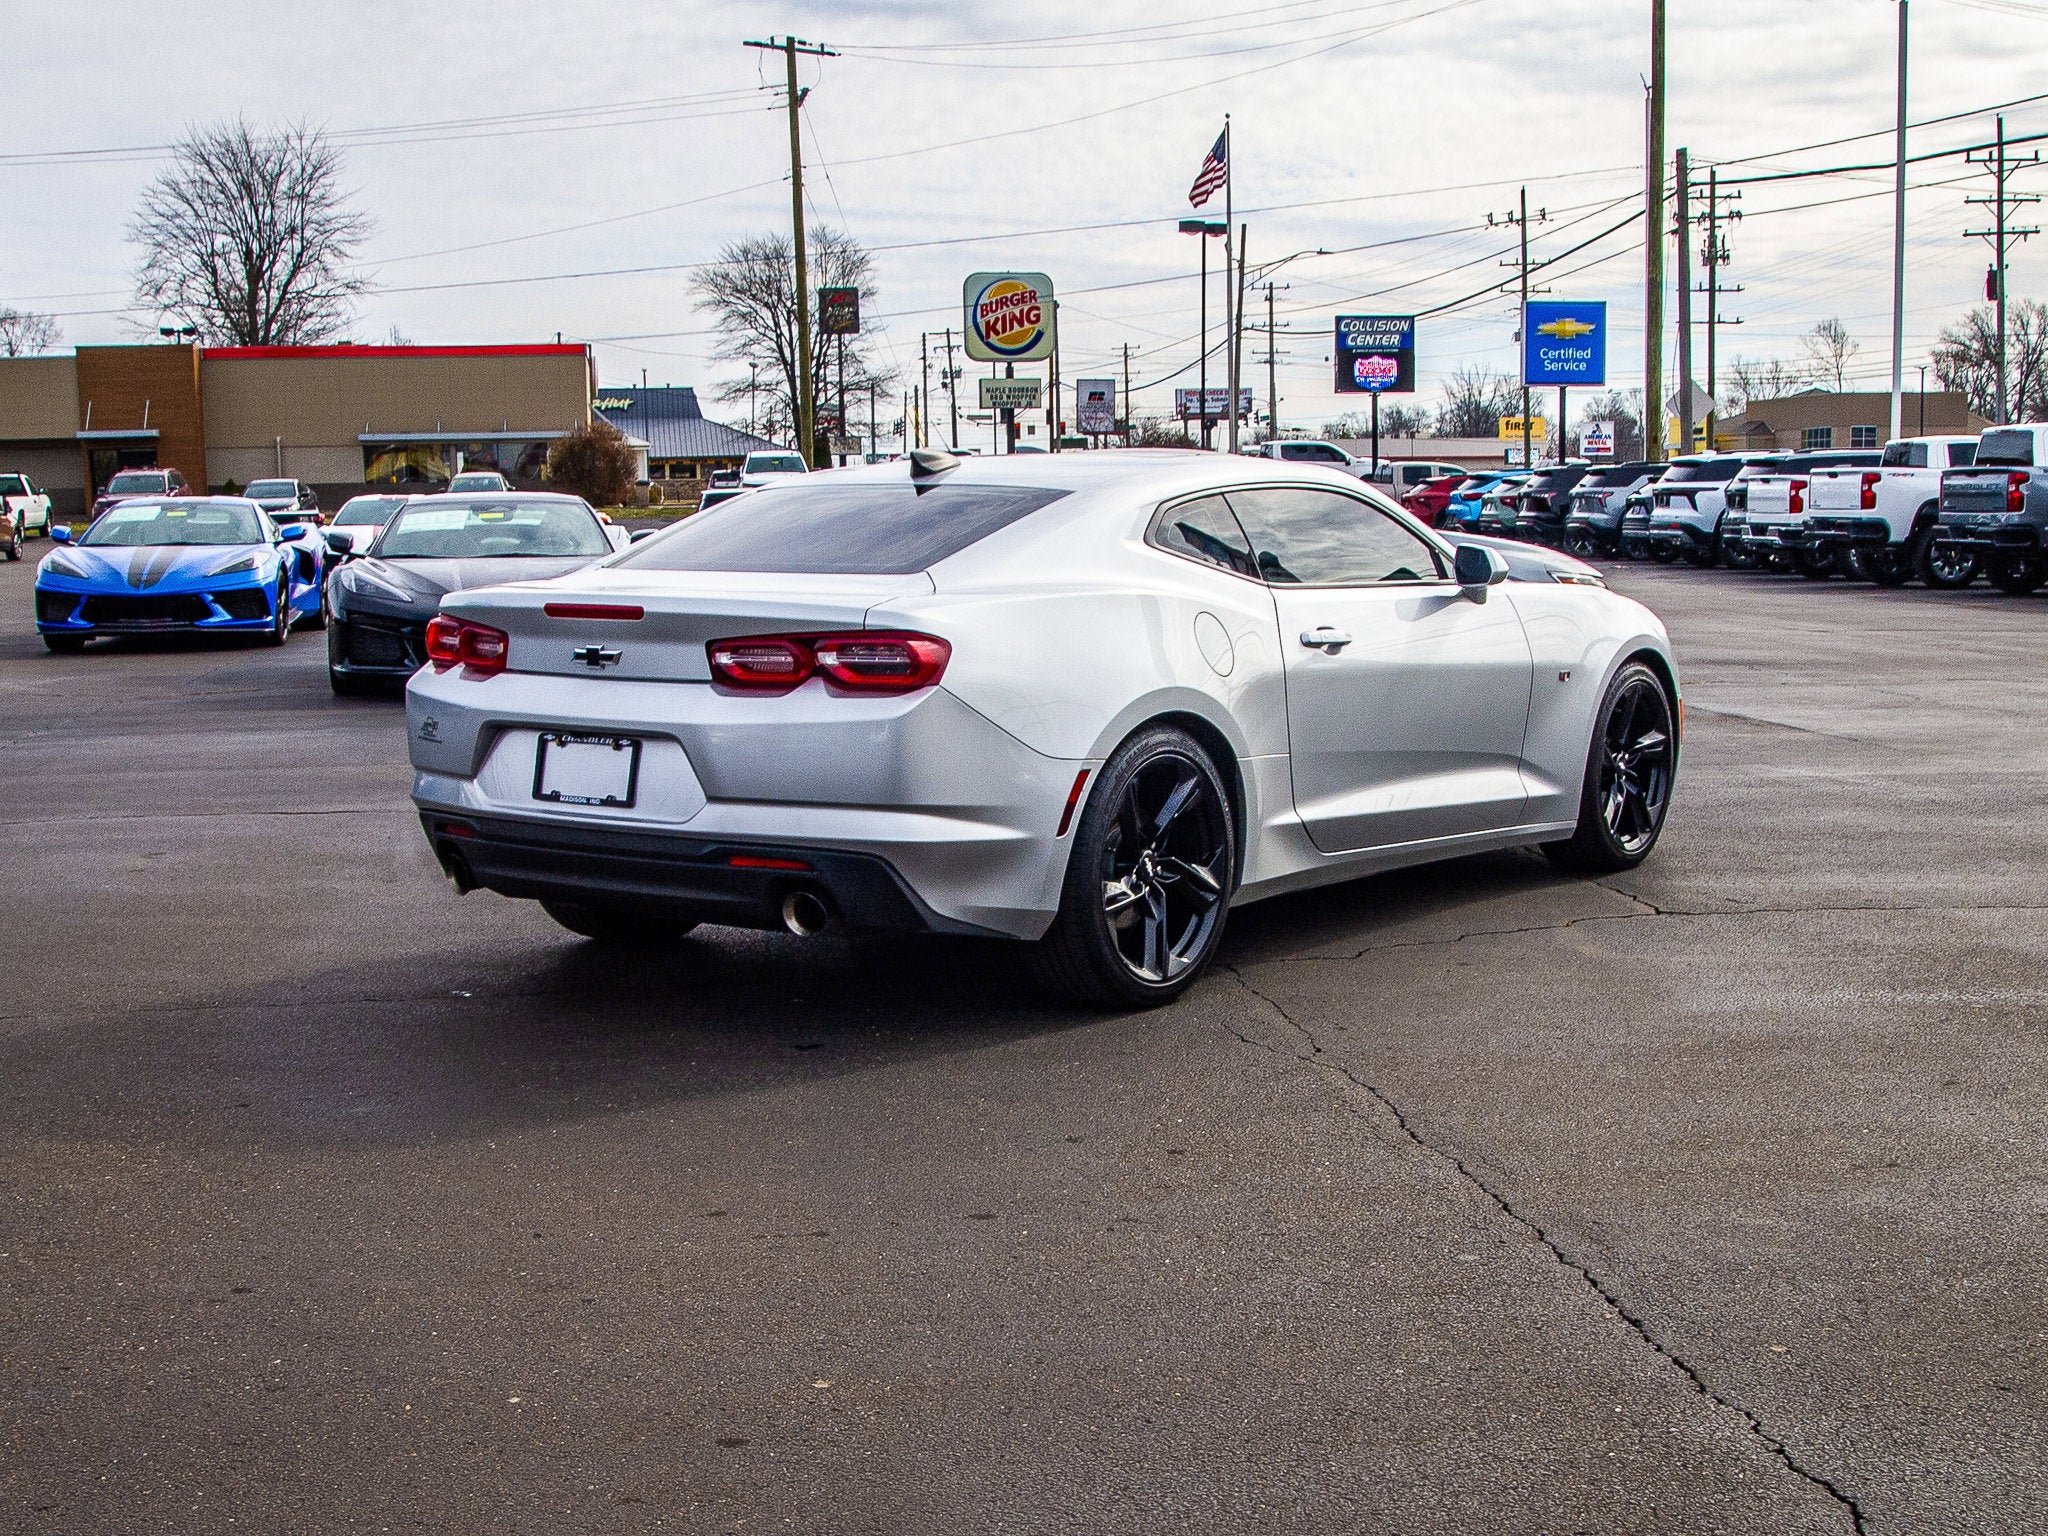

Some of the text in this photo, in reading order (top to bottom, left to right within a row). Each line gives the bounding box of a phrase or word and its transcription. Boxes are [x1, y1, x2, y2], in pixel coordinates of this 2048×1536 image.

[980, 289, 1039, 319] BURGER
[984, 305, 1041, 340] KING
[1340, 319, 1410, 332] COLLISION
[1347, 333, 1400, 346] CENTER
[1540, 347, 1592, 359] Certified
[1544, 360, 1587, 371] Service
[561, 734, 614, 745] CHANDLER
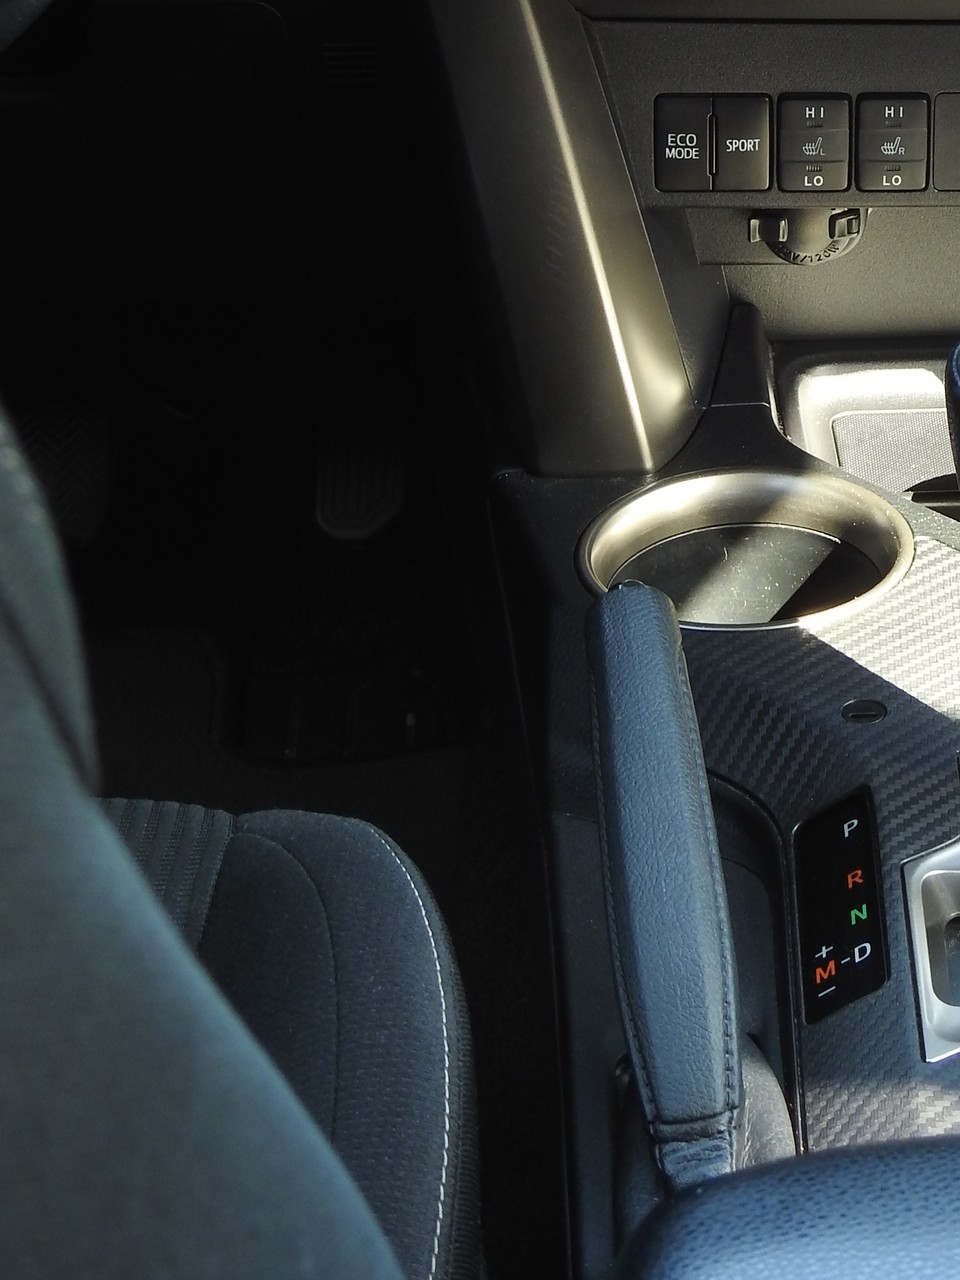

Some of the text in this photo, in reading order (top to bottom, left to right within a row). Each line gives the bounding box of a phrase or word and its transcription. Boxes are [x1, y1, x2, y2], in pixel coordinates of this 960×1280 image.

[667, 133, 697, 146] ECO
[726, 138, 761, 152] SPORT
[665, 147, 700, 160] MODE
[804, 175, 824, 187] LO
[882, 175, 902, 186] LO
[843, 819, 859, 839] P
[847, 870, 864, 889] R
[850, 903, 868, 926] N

──────────────────────────────

Please print every record exactly as written, without the pictures.

▸ Your solution
Some of the text in this photo, in reading order (top to bottom, left to right within a row). Each line gives the bounding box of a phrase or word and its transcription. Boxes are [x1, y1, x2, y2], in pixel coordinates of this 2048×1536 image.

[980, 289, 1039, 319] BURGER
[984, 305, 1041, 340] KING
[1340, 319, 1410, 332] COLLISION
[1347, 333, 1400, 346] CENTER
[1540, 347, 1592, 359] Certified
[1544, 360, 1587, 371] Service
[561, 734, 614, 745] CHANDLER

Some of the text in this photo, in reading order (top to bottom, left to right within a row). Each line gives the bounding box of a phrase or word and its transcription. Boxes are [x1, y1, x2, y2], in pixel coordinates of this 960×1280 image.

[667, 133, 697, 146] ECO
[726, 138, 761, 152] SPORT
[665, 147, 700, 160] MODE
[804, 175, 824, 187] LO
[882, 175, 902, 186] LO
[843, 819, 859, 839] P
[847, 870, 864, 889] R
[850, 903, 868, 926] N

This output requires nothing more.